▶ **Exercise directions**: Print the records below verbatim.

[Text-to-region grounding data]
********************
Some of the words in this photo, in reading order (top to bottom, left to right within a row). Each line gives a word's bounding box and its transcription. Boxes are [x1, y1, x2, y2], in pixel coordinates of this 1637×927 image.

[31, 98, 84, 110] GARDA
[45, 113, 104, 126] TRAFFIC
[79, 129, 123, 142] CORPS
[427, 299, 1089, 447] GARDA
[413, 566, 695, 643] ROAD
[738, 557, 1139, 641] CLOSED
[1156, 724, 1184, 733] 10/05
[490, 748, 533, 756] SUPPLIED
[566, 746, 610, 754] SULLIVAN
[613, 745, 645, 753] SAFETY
********************
▶ **Task response**:
Some of the words in this photo, in reading order (top to bottom, left to right within a row). Each line gives a word's bounding box and its transcription. Boxes are [x1, y1, x2, y2], in pixel coordinates of this 1637×927 image.

[31, 98, 84, 110] GARDA
[45, 113, 104, 126] TRAFFIC
[79, 129, 123, 142] CORPS
[427, 299, 1089, 447] GARDA
[413, 566, 695, 643] ROAD
[738, 557, 1139, 641] CLOSED
[1156, 724, 1184, 733] 10/05
[490, 748, 533, 756] SUPPLIED
[566, 746, 610, 754] SULLIVAN
[613, 745, 645, 753] SAFETY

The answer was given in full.